In a latest fitness trend, new mothers are using their own kids as weights to shape up. If not as weights, children can also be part of your exercise in different ways. It’s a fun and healthy way for new mothers to bond with their babies. During these sessions, mothers can carry out exercises with their children to burn calories and tone their muscles. However, mothers’ who are fit and have worked out before, are only advised to carry out these exercises.

Quadry Peddle Walk

Sit with your palm facing the floor and your wrist and shoulder in one line. Lift your knee slightly above the floor and walk forward with right hand and left leg. Continue with left hand right leg. Walk this way 10 steps forward and 10 steps backward. Start with 2 sets and gradually increase it. This is a very good workout for joints, mobility and core. Put your baby in a high chair or stroller and give him a treat each time you move forward.

Free Squats

Stand slightly shoulder width apart, and with the baby in a front
carrier, squat down till your hip reaches knee level. Keep your back straight (neutral back), not arched.

Squat Hold and Side Walk

Holding the position when you are down while squatting, can maximise the benefits of a squat. While squatting, you can also take steps forward or backward as if you’re walking. You can also take steps out to the side. Do 10-15 repetitions with 2 sets, gradually increase with 3 sets.

Abs workout

Lie face up on the floor with your baby on your pubic bone. Your feet must be flat and knees bent. Contract your abs and lift your head, neck and shoulders off the floor. Lower after sometime. Repeat the exercise as many times as you can.

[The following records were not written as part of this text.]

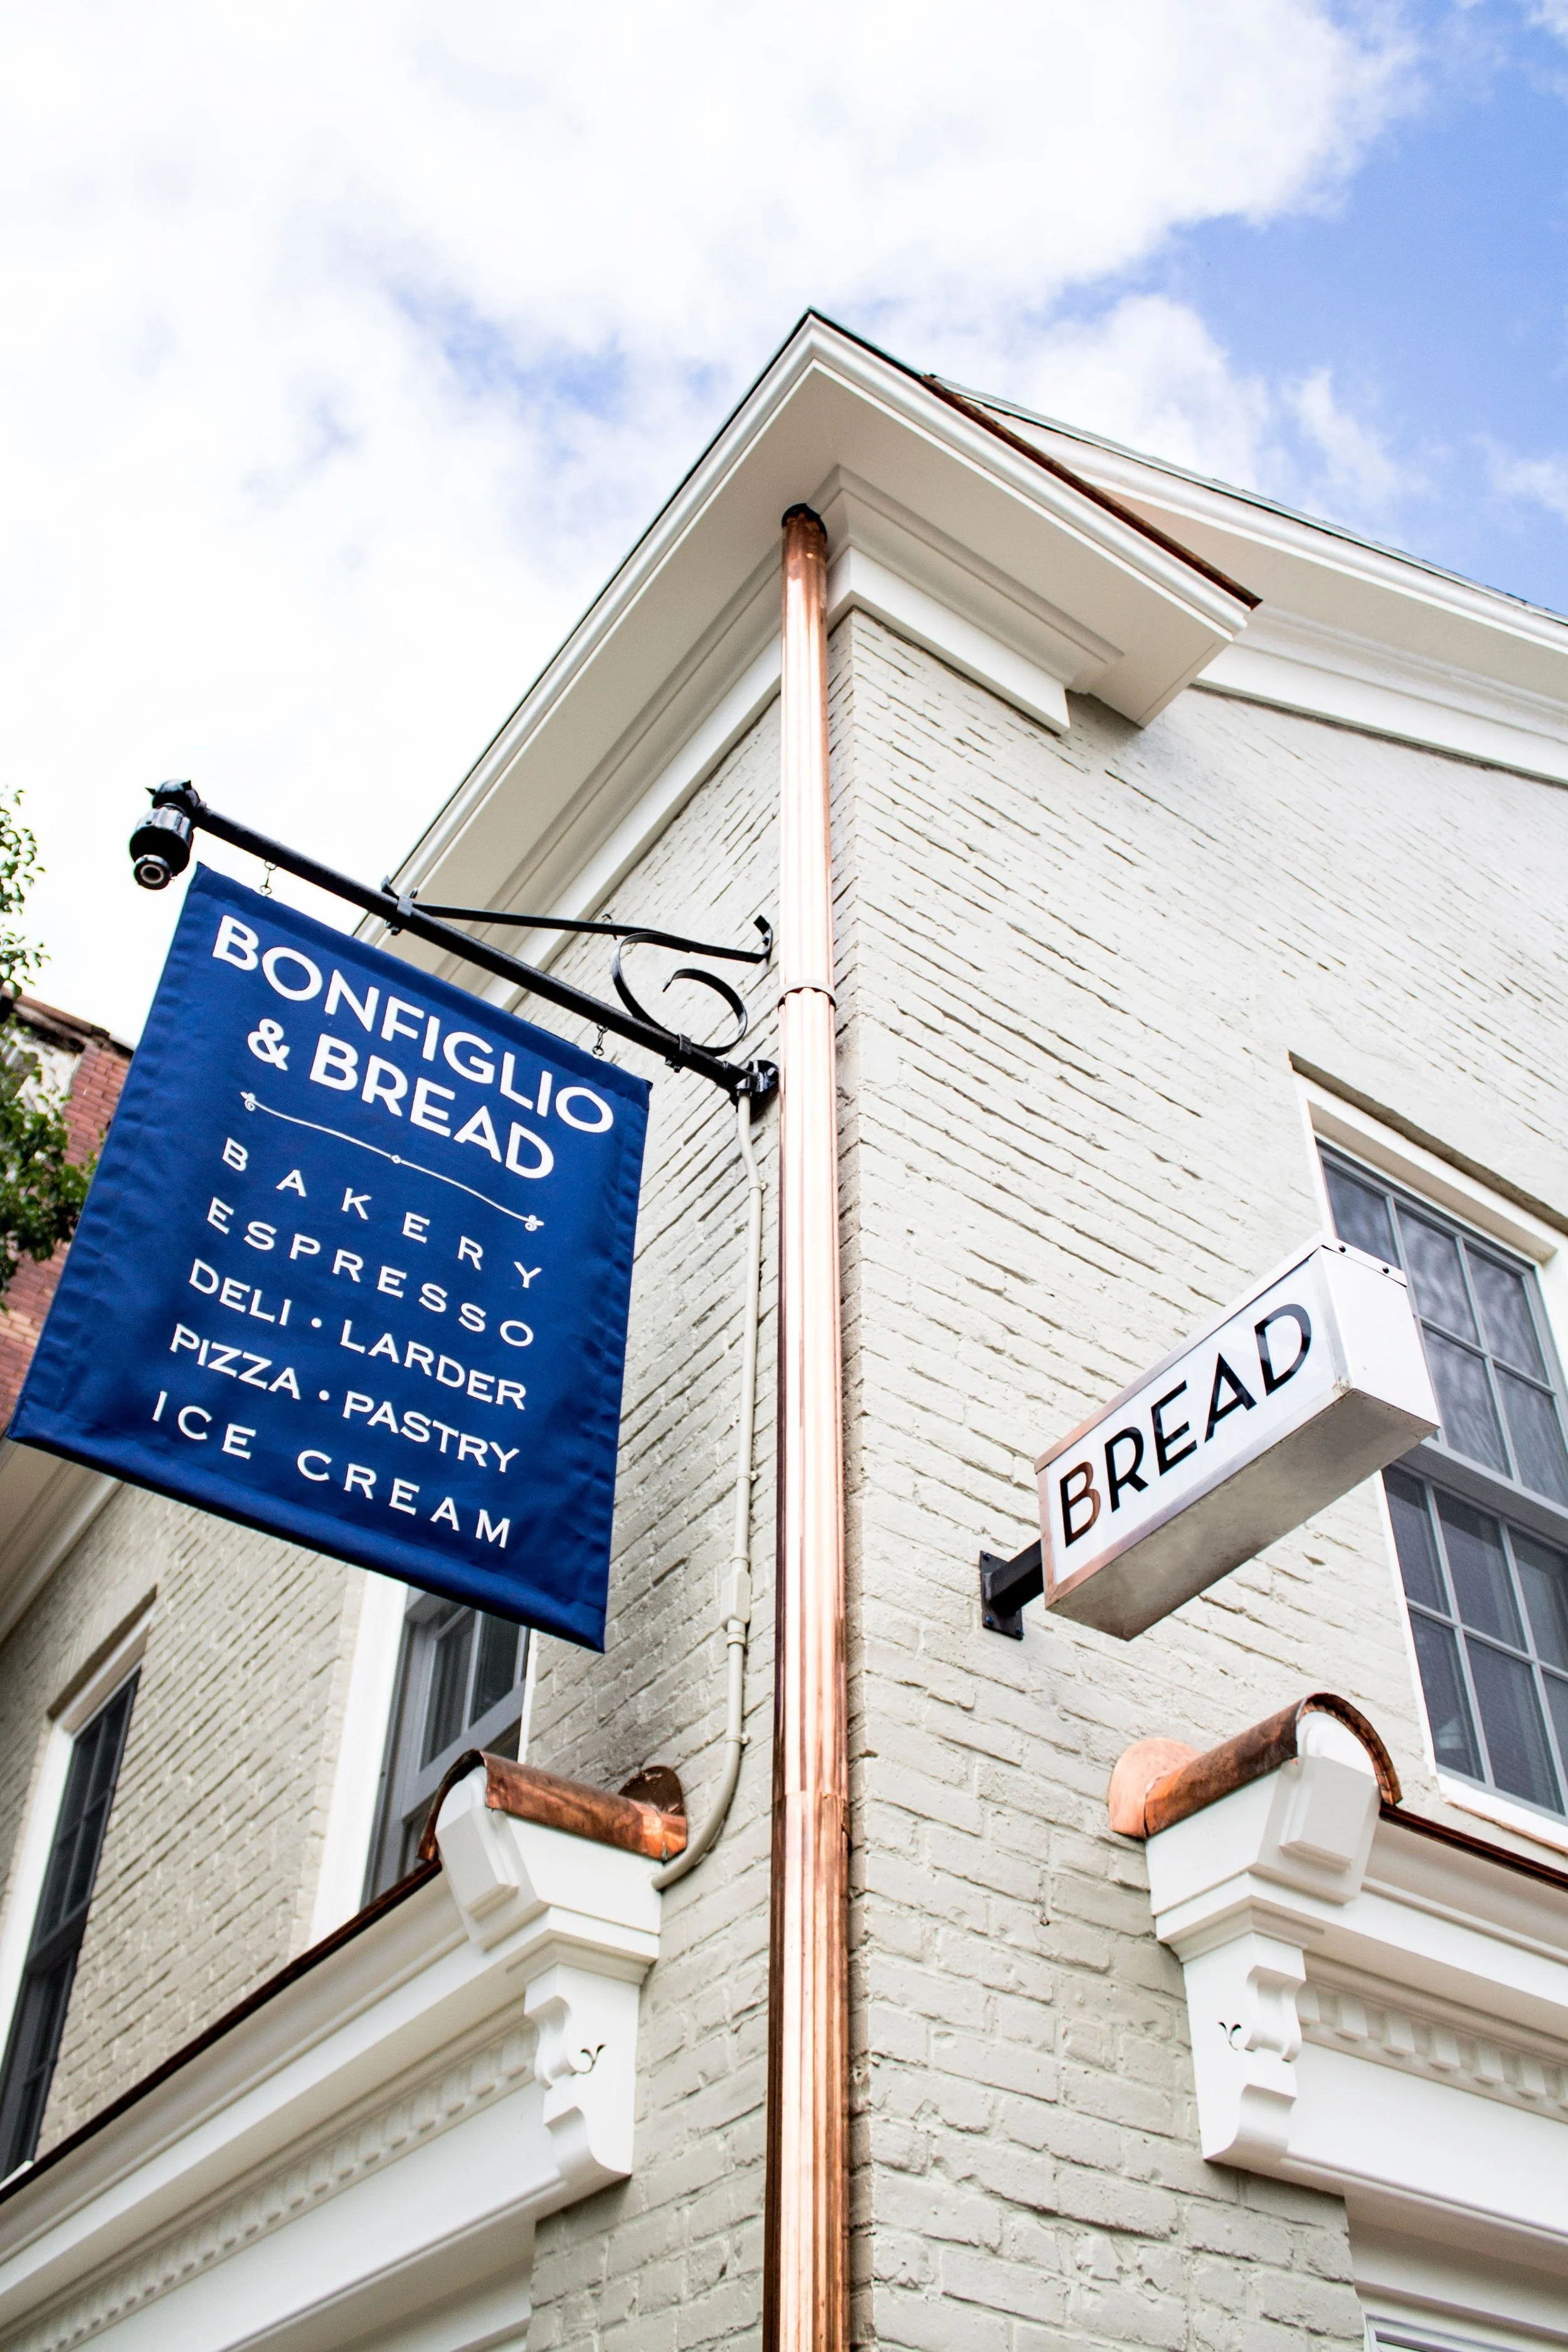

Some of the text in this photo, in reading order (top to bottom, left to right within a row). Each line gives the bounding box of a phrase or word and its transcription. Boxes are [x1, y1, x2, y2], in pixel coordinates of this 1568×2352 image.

[212, 914, 614, 1133] BONFIGLIO
[247, 1018, 554, 1179] & BREAD
[206, 1197, 534, 1347] ESPRESSO
[222, 1137, 542, 1289] BAKERY
[169, 1323, 519, 1473] PIZZA PASTRY
[188, 1258, 526, 1411] DELI LARDER
[152, 1391, 511, 1549] ICE CREAM
[1059, 1303, 1312, 1548] BREAD
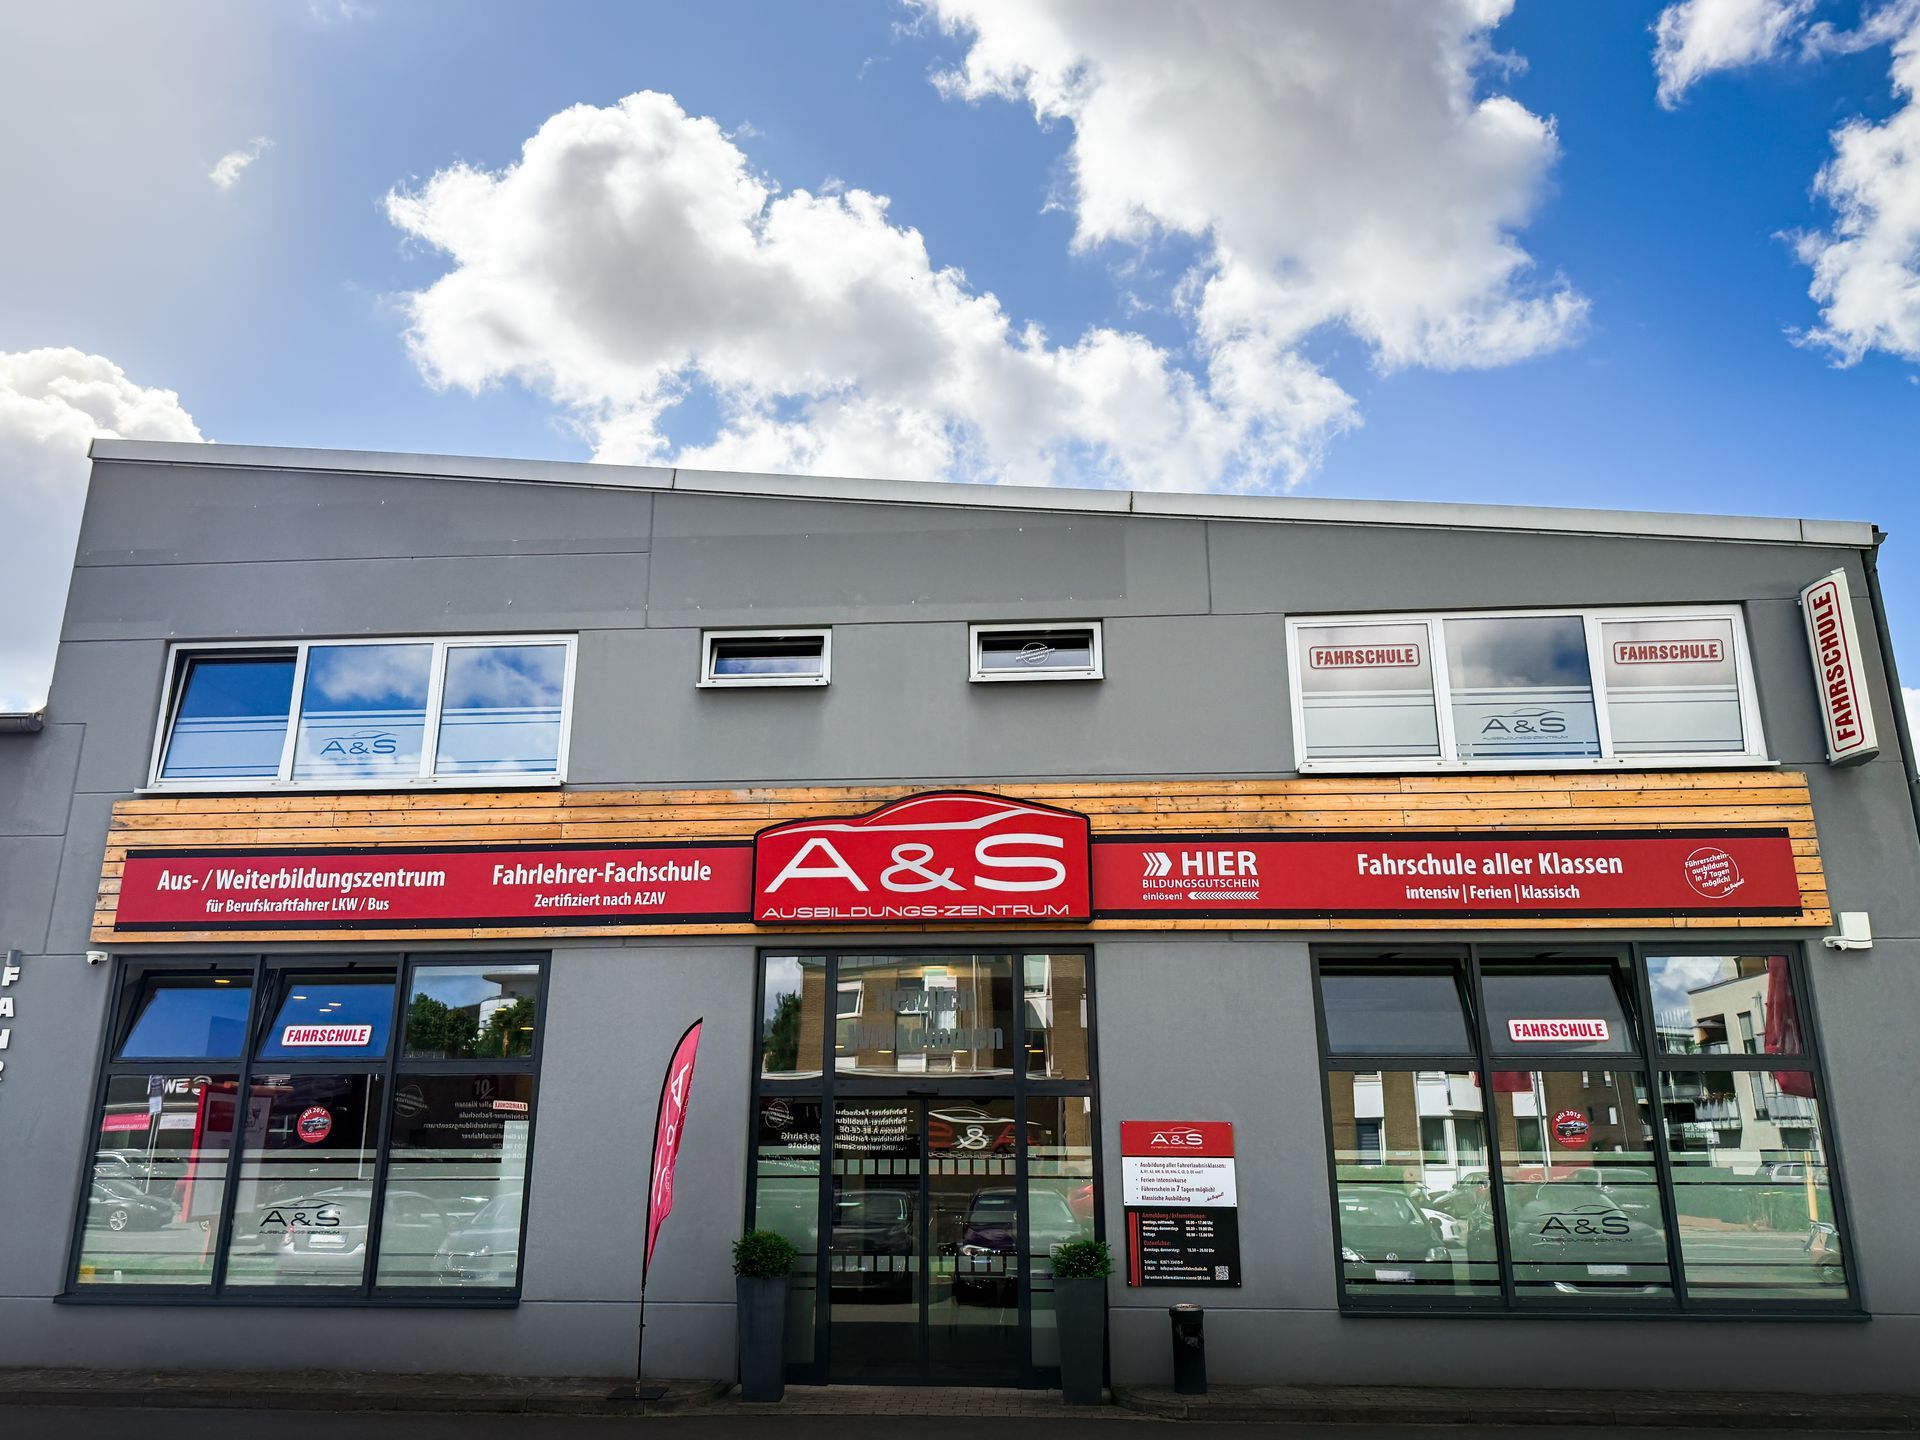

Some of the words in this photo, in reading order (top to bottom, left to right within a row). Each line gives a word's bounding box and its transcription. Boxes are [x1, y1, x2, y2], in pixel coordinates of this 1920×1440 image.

[1315, 648, 1414, 665] FAHRSCHULE
[1619, 644, 1718, 660] FAHRSCHULE
[1812, 591, 1857, 741] FAHRSCHULE
[1181, 851, 1258, 876] HIER
[1357, 852, 1477, 876] Fahrschule
[1482, 852, 1533, 876] aller
[1538, 852, 1623, 875] Klassen
[1691, 860, 1729, 875] ausbildung
[157, 869, 199, 890] Aus-
[215, 867, 446, 893] Weiterbildungszentrum
[492, 860, 712, 886] Fahrlehrer-Fachschule
[1709, 868, 1730, 879] Tagen
[1142, 878, 1260, 889] BILDUNGSGUTSCHEIN
[1142, 892, 1183, 901] einlösen!
[1470, 884, 1511, 899] Ferien
[1521, 884, 1580, 899] klassisch
[206, 898, 224, 913] für
[225, 897, 330, 913] Berufskraftfahrer
[331, 897, 358, 912] LKW
[367, 897, 389, 911] Bus
[534, 893, 600, 908] Zertifiziert
[602, 891, 631, 906] nach
[633, 891, 666, 906] AZAV
[762, 904, 1069, 919] AUSBILDUNGS-ZENTRUM
[286, 1029, 367, 1042] FAHRSCHULE
[1513, 1023, 1605, 1037] FAHRSCHULE
[1565, 1110, 1582, 1119] 2015

Abductor, without the baby

Lying down on the back, core contracted, lift your hip up and push abductor ring inside while going up. While coming down release it. Repeat this for 10-15 times. Start with 2 sets and gradually increase to 3 sets.

Plank and Mountain Climb

On the mat, keep both your elbow and palm, facing towards the ground, with your baby on your back. Stand on your toes with your back neutral, hips and legs straight and fully contracted. Hold this position. Start with 10-15 seconds in the first week. Gradually increase 30-40 seconds and do how much you can. With your elbows bent, reach one knee towards the same-side elbow. Repeat one side after the other. Perform 10 touches per side.

A word of caution


Dr T.P. Karthik, senior pediatrician and neonatologist, Yashoda Hospitals, Hyderabad, says, “Make sure that the baby is above one year, because babies younger than a year are really fragile. Even if the baby is above one year, the risk rate is high, as the baby might slip and they are very hyper active. It’s fine to do squats and ab exercises but don’t go for complicated exercises.

The writer is a celebrity fitness trainer who has trained Shilpa Shetty and Genelia D’Souza post their pregnancy. He is also the man behind Anant Ambani’s weight loss.